The problem: Images should not appear in the copy, yet every line of the listing below must be printed exactly.

Provided records:
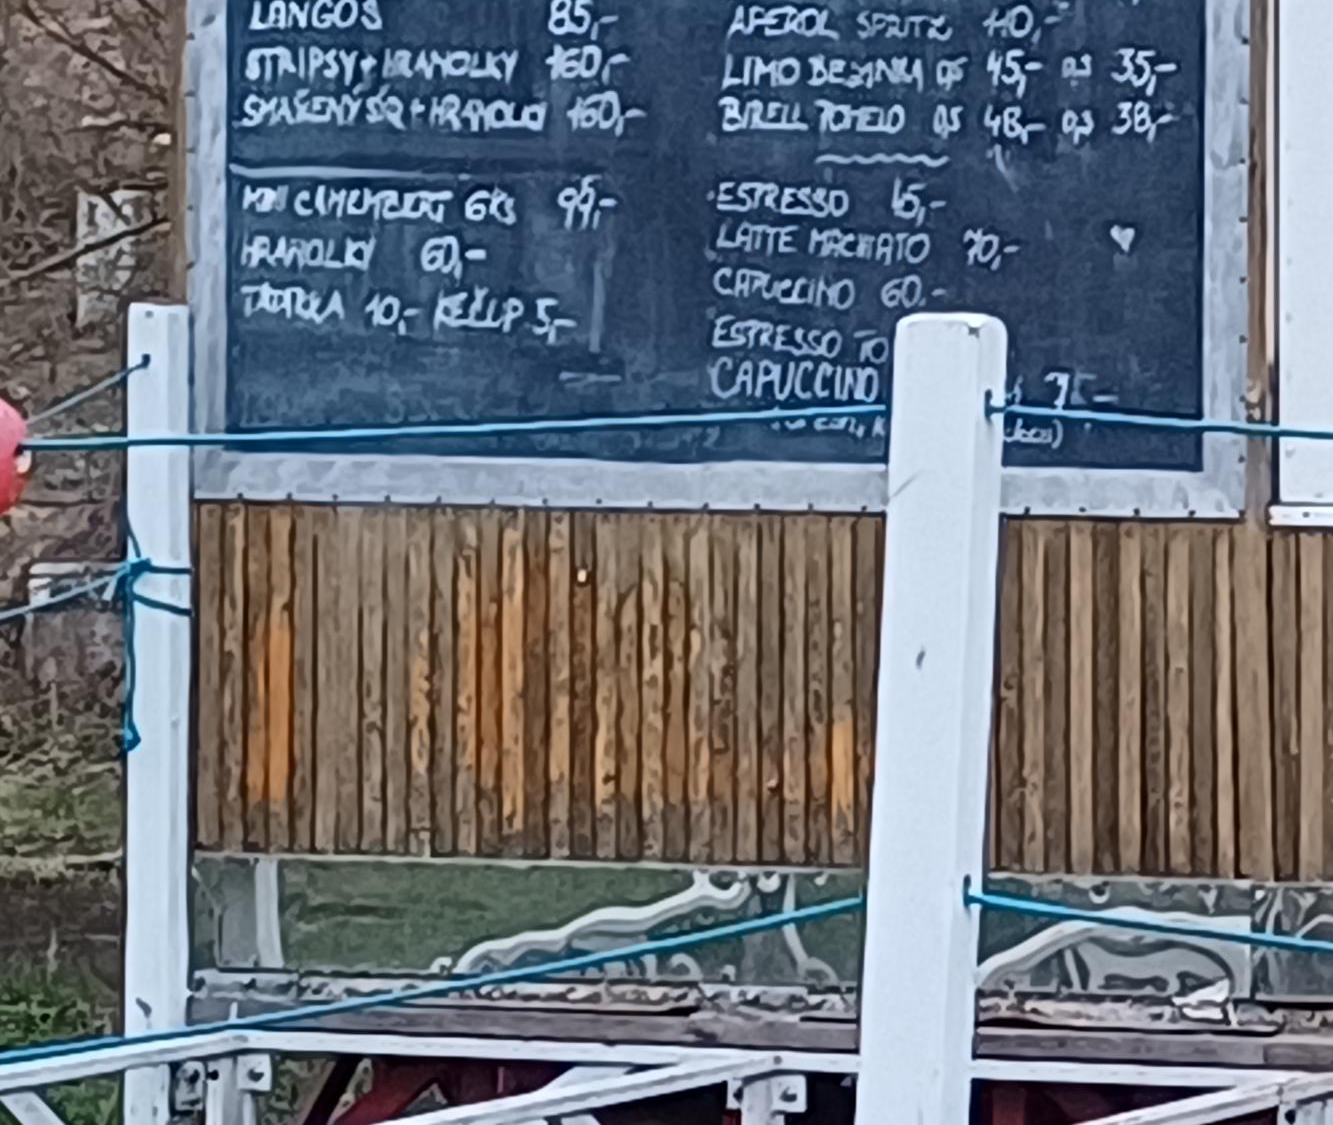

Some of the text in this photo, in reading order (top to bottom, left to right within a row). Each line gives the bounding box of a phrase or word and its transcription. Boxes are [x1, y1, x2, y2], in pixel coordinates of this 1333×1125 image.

[725, 5, 840, 38] APEROL
[721, 54, 800, 90] LIMO
[1111, 48, 1178, 96] 35,-
[718, 96, 809, 131] BIRELL
[716, 181, 849, 217] ESPRESSO
[716, 222, 799, 256] LATTE
[712, 315, 843, 358] ESPRESSO
[708, 356, 880, 403] CAPUCCINO
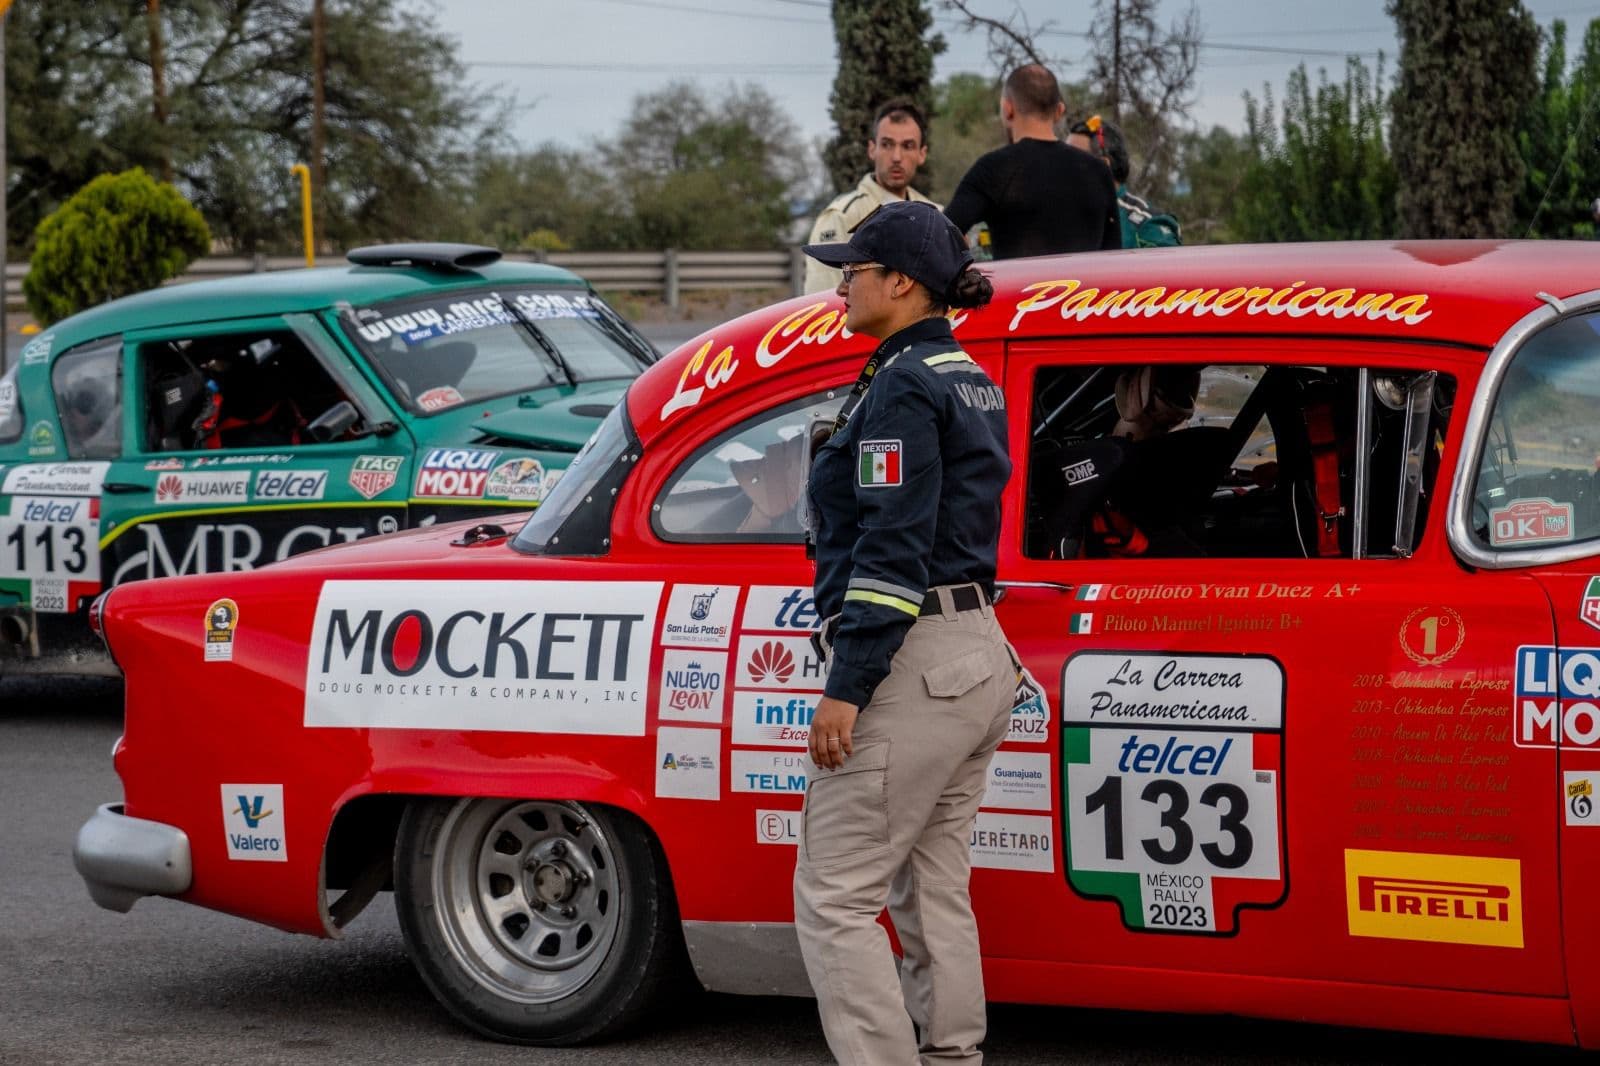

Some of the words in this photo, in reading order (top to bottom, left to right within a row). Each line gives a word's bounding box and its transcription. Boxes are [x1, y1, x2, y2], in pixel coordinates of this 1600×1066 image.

[661, 339, 740, 421] La
[1009, 279, 1433, 331] Panamericana
[863, 443, 898, 453] MÉXICO
[361, 457, 400, 470] TAG
[424, 450, 492, 470] LIQUI
[1065, 462, 1096, 481] OMP
[187, 481, 248, 496] HUAWEI
[255, 471, 327, 497] telcel
[352, 472, 395, 494] HEUER
[418, 472, 487, 496] MOLY
[489, 485, 537, 495] VERACRUZ
[24, 500, 80, 522] telcel
[1496, 517, 1538, 539] OK
[7, 523, 87, 573] 113
[35, 596, 64, 610] 2023
[1110, 584, 1193, 604] Copiloto
[1199, 583, 1249, 599] Yvan
[1256, 583, 1313, 599] Duez
[1324, 583, 1362, 598] A+
[667, 624, 682, 633] San
[683, 624, 700, 634] Luis
[1104, 615, 1147, 631] Piloto
[1151, 615, 1213, 632] Manuel
[321, 609, 645, 682] MOCKETT
[1107, 658, 1145, 686] La
[1153, 660, 1243, 691] Carrera
[1353, 674, 1384, 688] 2018
[1392, 671, 1454, 689] Chihuahua
[1460, 672, 1510, 696] Express
[319, 682, 363, 695] DOUG
[374, 684, 459, 697] MOCKETT
[470, 686, 478, 697] &
[605, 690, 639, 702] INC
[1090, 691, 1250, 721] Panamericana
[1394, 697, 1454, 715] Chihuahua
[1460, 698, 1510, 720] Express
[1009, 719, 1045, 733] RUZ
[1118, 735, 1234, 776] telcel
[994, 767, 1042, 780] Guanajuato
[1568, 780, 1587, 796] Canal
[1571, 794, 1593, 819] 6
[1085, 776, 1254, 869] 133
[230, 833, 280, 851] Valero
[1147, 871, 1204, 889] MÉXICO
[1154, 889, 1198, 903] RALLY
[1358, 875, 1511, 922] PIRELLI
[1149, 904, 1208, 927] 2023
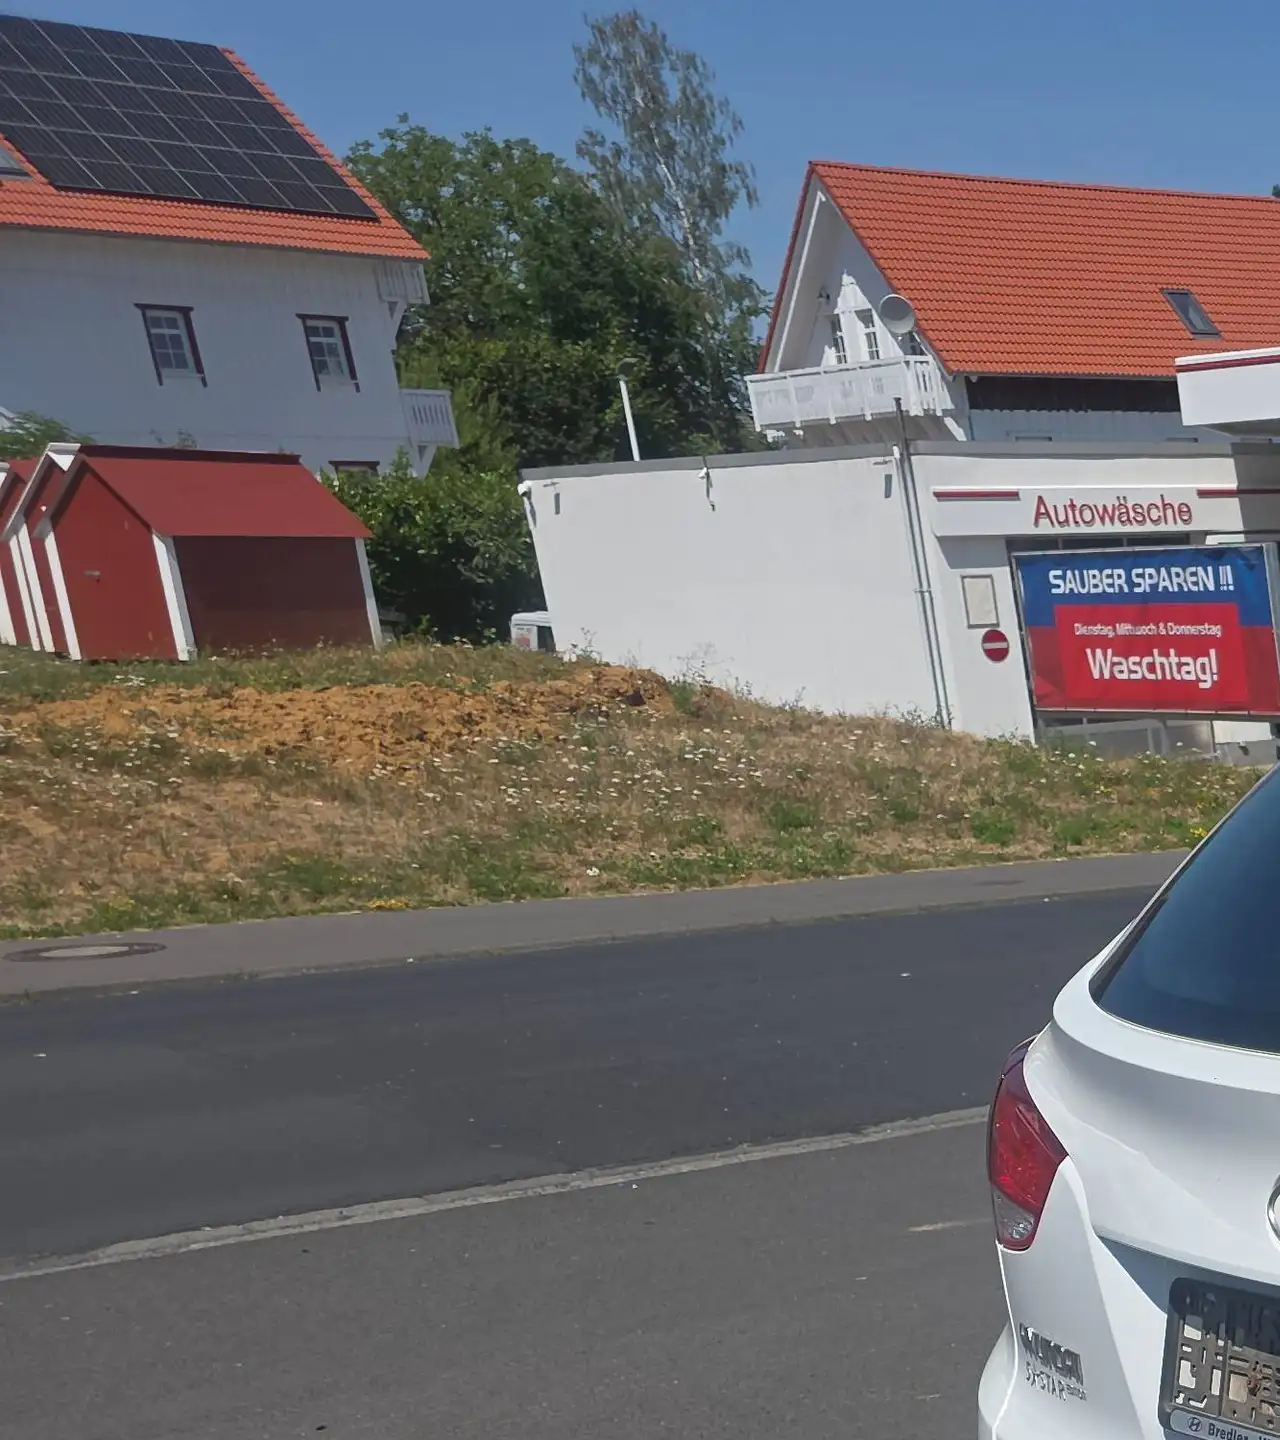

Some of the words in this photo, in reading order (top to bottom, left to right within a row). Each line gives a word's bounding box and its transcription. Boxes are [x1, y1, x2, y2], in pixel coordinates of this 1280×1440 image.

[1033, 495, 1193, 527] Autowäsche
[1049, 569, 1129, 594] SAUBER
[1132, 565, 1214, 594] SPAREN
[1219, 564, 1234, 591] !!!
[1074, 623, 1115, 637] Dienstag,
[1158, 622, 1167, 635] &
[1167, 622, 1222, 637] Donnerstag
[1085, 648, 1218, 689] Waschtag!

Task answer:
Some of the text in this photo, in reading order (top to bottom, left to right within a row). Each line gives the bounding box of a phrase or word and its transcription. Boxes are [x1, y1, x2, y2], in pixel coordinates of this 1333×1125 image.

[725, 5, 840, 38] APEROL
[721, 54, 800, 90] LIMO
[1111, 48, 1178, 96] 35,-
[718, 96, 809, 131] BIRELL
[716, 181, 849, 217] ESPRESSO
[716, 222, 799, 256] LATTE
[712, 315, 843, 358] ESPRESSO
[708, 356, 880, 403] CAPUCCINO

Some of the words in this photo, in reading order (top to bottom, left to right within a row). Each line gives a word's bounding box and its transcription. Boxes are [x1, y1, x2, y2], in pixel coordinates of this 1600×1066 image.

[661, 339, 740, 421] La
[1009, 279, 1433, 331] Panamericana
[863, 443, 898, 453] MÉXICO
[361, 457, 400, 470] TAG
[424, 450, 492, 470] LIQUI
[1065, 462, 1096, 481] OMP
[187, 481, 248, 496] HUAWEI
[255, 471, 327, 497] telcel
[352, 472, 395, 494] HEUER
[418, 472, 487, 496] MOLY
[489, 485, 537, 495] VERACRUZ
[24, 500, 80, 522] telcel
[1496, 517, 1538, 539] OK
[7, 523, 87, 573] 113
[35, 596, 64, 610] 2023
[1110, 584, 1193, 604] Copiloto
[1199, 583, 1249, 599] Yvan
[1256, 583, 1313, 599] Duez
[1324, 583, 1362, 598] A+
[667, 624, 682, 633] San
[683, 624, 700, 634] Luis
[1104, 615, 1147, 631] Piloto
[1151, 615, 1213, 632] Manuel
[321, 609, 645, 682] MOCKETT
[1107, 658, 1145, 686] La
[1153, 660, 1243, 691] Carrera
[1353, 674, 1384, 688] 2018
[1392, 671, 1454, 689] Chihuahua
[1460, 672, 1510, 696] Express
[319, 682, 363, 695] DOUG
[374, 684, 459, 697] MOCKETT
[470, 686, 478, 697] &
[605, 690, 639, 702] INC
[1090, 691, 1250, 721] Panamericana
[1394, 697, 1454, 715] Chihuahua
[1460, 698, 1510, 720] Express
[1009, 719, 1045, 733] RUZ
[1118, 735, 1234, 776] telcel
[994, 767, 1042, 780] Guanajuato
[1568, 780, 1587, 796] Canal
[1571, 794, 1593, 819] 6
[1085, 776, 1254, 869] 133
[230, 833, 280, 851] Valero
[1147, 871, 1204, 889] MÉXICO
[1154, 889, 1198, 903] RALLY
[1358, 875, 1511, 922] PIRELLI
[1149, 904, 1208, 927] 2023

Some of the words in this photo, in reading order (top to bottom, left to right within a row). Each line gives a word's bounding box and its transcription. Boxes are [x1, y1, x2, y2], in pixel coordinates of this 1280×1440 image.

[1033, 495, 1193, 527] Autowäsche
[1049, 569, 1129, 594] SAUBER
[1132, 565, 1214, 594] SPAREN
[1219, 564, 1234, 591] !!!
[1074, 623, 1115, 637] Dienstag,
[1158, 622, 1167, 635] &
[1167, 622, 1222, 637] Donnerstag
[1085, 648, 1218, 689] Waschtag!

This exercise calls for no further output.